Which lines run from the one containing "this 1280×1280 image." to the end of the entries below? Retype exactly those, both ends included.

Available records ▸
-- -- --

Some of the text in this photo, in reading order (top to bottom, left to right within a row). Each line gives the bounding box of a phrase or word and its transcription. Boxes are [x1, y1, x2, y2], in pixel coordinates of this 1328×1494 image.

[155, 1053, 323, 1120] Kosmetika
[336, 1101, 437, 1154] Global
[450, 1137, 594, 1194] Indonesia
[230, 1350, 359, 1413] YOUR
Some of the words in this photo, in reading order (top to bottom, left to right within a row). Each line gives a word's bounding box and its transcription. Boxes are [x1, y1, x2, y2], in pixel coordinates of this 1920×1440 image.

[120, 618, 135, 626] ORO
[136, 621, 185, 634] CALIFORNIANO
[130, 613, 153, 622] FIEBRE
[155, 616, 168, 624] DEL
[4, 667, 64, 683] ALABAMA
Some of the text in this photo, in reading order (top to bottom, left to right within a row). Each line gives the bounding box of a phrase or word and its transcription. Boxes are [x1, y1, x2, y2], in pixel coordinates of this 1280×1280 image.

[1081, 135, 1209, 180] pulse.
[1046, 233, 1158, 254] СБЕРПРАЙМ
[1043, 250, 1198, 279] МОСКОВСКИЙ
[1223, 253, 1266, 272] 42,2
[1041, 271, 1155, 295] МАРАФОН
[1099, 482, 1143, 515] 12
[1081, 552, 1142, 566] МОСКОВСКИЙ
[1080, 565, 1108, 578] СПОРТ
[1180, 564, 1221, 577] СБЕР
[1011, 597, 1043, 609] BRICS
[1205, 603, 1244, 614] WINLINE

-- -- --

Written solution ▸
Some of the text in this photo, in reading order (top to bottom, left to right within a row). Each line gives the bounding box of a phrase or word and its transcription. Boxes are [x1, y1, x2, y2], in pixel coordinates of this 1280×1280 image.

[1081, 135, 1209, 180] pulse.
[1046, 233, 1158, 254] СБЕРПРАЙМ
[1043, 250, 1198, 279] МОСКОВСКИЙ
[1223, 253, 1266, 272] 42,2
[1041, 271, 1155, 295] МАРАФОН
[1099, 482, 1143, 515] 12
[1081, 552, 1142, 566] МОСКОВСКИЙ
[1080, 565, 1108, 578] СПОРТ
[1180, 564, 1221, 577] СБЕР
[1011, 597, 1043, 609] BRICS
[1205, 603, 1244, 614] WINLINE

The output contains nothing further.